=== Data extract ===

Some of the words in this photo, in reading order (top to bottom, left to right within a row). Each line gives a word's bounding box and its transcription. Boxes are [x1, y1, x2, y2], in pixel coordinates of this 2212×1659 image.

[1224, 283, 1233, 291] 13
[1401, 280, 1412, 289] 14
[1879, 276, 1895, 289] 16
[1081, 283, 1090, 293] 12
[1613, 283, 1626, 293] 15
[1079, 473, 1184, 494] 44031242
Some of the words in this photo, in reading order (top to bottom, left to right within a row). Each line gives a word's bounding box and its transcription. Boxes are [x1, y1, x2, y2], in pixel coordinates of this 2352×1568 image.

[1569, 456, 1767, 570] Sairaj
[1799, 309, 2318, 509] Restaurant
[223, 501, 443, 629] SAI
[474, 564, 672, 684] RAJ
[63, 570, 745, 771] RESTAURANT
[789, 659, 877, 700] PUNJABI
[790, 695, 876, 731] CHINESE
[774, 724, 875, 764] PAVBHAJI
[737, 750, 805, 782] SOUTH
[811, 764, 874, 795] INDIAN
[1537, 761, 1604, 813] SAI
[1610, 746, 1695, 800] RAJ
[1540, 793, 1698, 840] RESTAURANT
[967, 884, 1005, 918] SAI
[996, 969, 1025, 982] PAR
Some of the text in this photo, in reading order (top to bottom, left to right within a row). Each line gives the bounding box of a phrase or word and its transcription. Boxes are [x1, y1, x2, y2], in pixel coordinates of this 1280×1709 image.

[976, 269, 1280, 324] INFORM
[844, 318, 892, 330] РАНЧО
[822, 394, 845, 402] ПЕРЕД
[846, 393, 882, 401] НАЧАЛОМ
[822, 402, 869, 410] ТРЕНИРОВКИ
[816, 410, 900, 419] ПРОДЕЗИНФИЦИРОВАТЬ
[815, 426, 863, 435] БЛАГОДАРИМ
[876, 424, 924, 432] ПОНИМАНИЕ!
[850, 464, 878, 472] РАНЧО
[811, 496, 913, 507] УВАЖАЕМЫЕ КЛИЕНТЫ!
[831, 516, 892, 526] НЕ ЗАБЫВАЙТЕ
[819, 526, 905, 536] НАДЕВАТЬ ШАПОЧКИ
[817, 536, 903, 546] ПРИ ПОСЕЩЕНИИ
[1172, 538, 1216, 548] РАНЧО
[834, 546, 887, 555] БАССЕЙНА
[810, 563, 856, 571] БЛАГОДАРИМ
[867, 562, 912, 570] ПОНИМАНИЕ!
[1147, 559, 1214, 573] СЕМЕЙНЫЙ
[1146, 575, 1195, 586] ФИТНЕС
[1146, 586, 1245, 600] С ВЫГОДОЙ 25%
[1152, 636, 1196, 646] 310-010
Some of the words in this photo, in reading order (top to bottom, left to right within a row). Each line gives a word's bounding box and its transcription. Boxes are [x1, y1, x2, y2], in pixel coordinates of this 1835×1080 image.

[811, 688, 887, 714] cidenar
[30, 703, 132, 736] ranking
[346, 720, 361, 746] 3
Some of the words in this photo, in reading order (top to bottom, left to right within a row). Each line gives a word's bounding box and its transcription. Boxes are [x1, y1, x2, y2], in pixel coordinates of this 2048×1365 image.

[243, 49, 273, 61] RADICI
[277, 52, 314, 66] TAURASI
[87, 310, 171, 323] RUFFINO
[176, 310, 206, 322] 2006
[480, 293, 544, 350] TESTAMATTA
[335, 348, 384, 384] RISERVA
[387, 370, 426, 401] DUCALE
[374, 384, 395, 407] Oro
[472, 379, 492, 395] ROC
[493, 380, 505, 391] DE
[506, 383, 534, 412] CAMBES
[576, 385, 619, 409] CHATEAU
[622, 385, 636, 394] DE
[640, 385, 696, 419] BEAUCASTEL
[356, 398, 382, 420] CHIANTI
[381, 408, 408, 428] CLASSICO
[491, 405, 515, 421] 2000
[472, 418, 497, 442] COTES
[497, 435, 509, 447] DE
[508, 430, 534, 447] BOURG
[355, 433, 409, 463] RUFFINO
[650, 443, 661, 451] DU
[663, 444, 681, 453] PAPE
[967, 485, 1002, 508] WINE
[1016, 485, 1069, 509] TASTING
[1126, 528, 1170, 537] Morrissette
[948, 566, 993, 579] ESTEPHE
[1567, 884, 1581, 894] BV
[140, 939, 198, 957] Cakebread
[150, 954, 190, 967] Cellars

===

_Exercise goal:_
Output only the lines from the line that contains "this 1835×1080 image." through the end of the entries, both included, exactly as they appear.

_Solved problem:_
Some of the words in this photo, in reading order (top to bottom, left to right within a row). Each line gives a word's bounding box and its transcription. Boxes are [x1, y1, x2, y2], in pixel coordinates of this 1835×1080 image.

[811, 688, 887, 714] cidenar
[30, 703, 132, 736] ranking
[346, 720, 361, 746] 3
Some of the words in this photo, in reading order (top to bottom, left to right within a row). Each line gives a word's bounding box and its transcription. Boxes are [x1, y1, x2, y2], in pixel coordinates of this 2048×1365 image.

[243, 49, 273, 61] RADICI
[277, 52, 314, 66] TAURASI
[87, 310, 171, 323] RUFFINO
[176, 310, 206, 322] 2006
[480, 293, 544, 350] TESTAMATTA
[335, 348, 384, 384] RISERVA
[387, 370, 426, 401] DUCALE
[374, 384, 395, 407] Oro
[472, 379, 492, 395] ROC
[493, 380, 505, 391] DE
[506, 383, 534, 412] CAMBES
[576, 385, 619, 409] CHATEAU
[622, 385, 636, 394] DE
[640, 385, 696, 419] BEAUCASTEL
[356, 398, 382, 420] CHIANTI
[381, 408, 408, 428] CLASSICO
[491, 405, 515, 421] 2000
[472, 418, 497, 442] COTES
[497, 435, 509, 447] DE
[508, 430, 534, 447] BOURG
[355, 433, 409, 463] RUFFINO
[650, 443, 661, 451] DU
[663, 444, 681, 453] PAPE
[967, 485, 1002, 508] WINE
[1016, 485, 1069, 509] TASTING
[1126, 528, 1170, 537] Morrissette
[948, 566, 993, 579] ESTEPHE
[1567, 884, 1581, 894] BV
[140, 939, 198, 957] Cakebread
[150, 954, 190, 967] Cellars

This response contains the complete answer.